# Exp. Climber/ Bucket Truck Operator needed in Ft. Lauderdale and Orlando, FL



## senones (Jun 10, 2009)

We are currently looking for a Tree Climber/ Bucket Truck Operator for a Commercial Tree Care company in Davie, FL. Must be experienced. Must be able to prune palms. All work is performed to ANSI Standards here. CDL, ISA Certification, First Aid/ CPR, EHAP, and bilingual a plus. We are a very well established company with year round work. There is definately room for advancement here. We offer well maintained equipment as well as Continuing Education/ Advanced Training. We also have openings at our Orlando Branch as well.

Please call 954.309.6348 or fax resume to 954.472.4098


----------



## senones (Jun 12, 2009)

Tree Crew Leaders/ Foremen needed also. Must have CDL.


----------



## tree MDS (Jun 20, 2009)

*Lauderdale eh?*

You familiar with Tree Trimmers and Associates?


----------



## senones (Jun 20, 2009)

Yes I am. C. Way Hoyt's company. We are a different company. Mr. Way Hoyt knows his stuff, I like his pruning philosophy, mine is very similar. Theirs is a different type of company than ours. We do Commercial Tree Care. We have an ISA BCMA and numerous ISA CAs and ISA CTW/ Climber Specialists on staff. We need to expand. Love that Structural Pruning (when we can convince the Client that it is what they need, compared to your shotty elevation/ lion's tailing work that is so prevalent).


----------



## tree MDS (Jun 20, 2009)

I worked for Way for 13 months, I was down there when Andrew rolled through destroying all the trees we had pruned. What a shame that was. But his was the first company I climbed for, my brother was forman at the time. I'm very thankful to have worked for such a straight up and knowledgable company right from the start, sure learned alot in a short time.


----------



## senones (Jun 25, 2009)

Does your brother still live in Lauderdale? Is he looking for work? We have an excellent staff. A lot of us are involved in the FL Tree Climbing Championship. This would be a great place to learn the ropes (and the knots).


----------



## tree MDS (Jun 28, 2009)

senones said:


> Does your brother still live in Lauderdale? Is he looking for work? We have an excellent staff. A lot of us are involved in the FL Tree Climbing Championship. This would be a great place to learn the ropes (and the knots).

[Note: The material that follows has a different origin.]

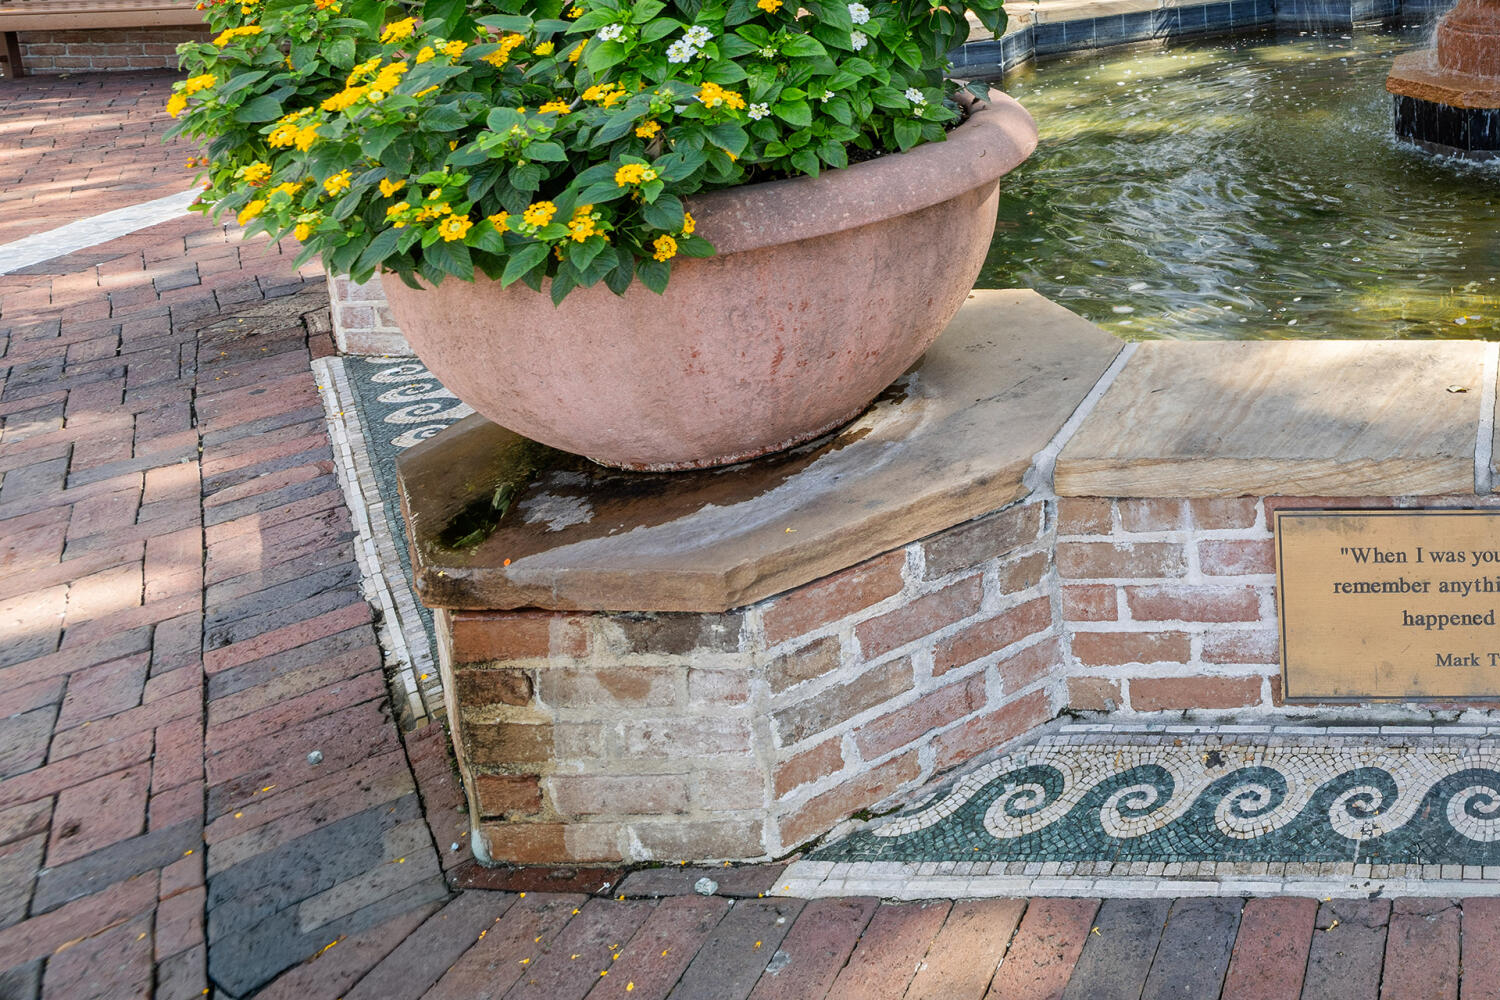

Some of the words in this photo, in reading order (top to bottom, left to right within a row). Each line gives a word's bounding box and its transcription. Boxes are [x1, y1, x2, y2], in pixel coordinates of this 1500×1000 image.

No but thanks for the thought.

Sounds like a good company you have there though if you are familiar with Way's pruning theories. The man really strived for quality thats for sure. I can remember him coming out with his penny loafers on disecting logs to examine. Good old Chester, lol.


----------



## senones (Jul 9, 2009)

*some more thoughts.......*

Look, If Dr. Gilman wrote the book on pruning (actually, he did), then Way is the coauthor (actually, he is). Gilman is God as far as pruning goes. He is my generation's Shigo. I consider myself fortunate to have Ed and Way so close. I get to take advantage of all that knowledge floating around these guys' heads. I strongly urge everyone to read Gilman's books and to attend his seminars. He be the man! Also, Way is very very lucky to be in the position where he can select the type of work that he does. I wish I was able to do that. Maybe one day we can actually convince our clients that they don't always know what the best thing for the tree is and maybe they should listen to the Professionals that they chose to hire.


----------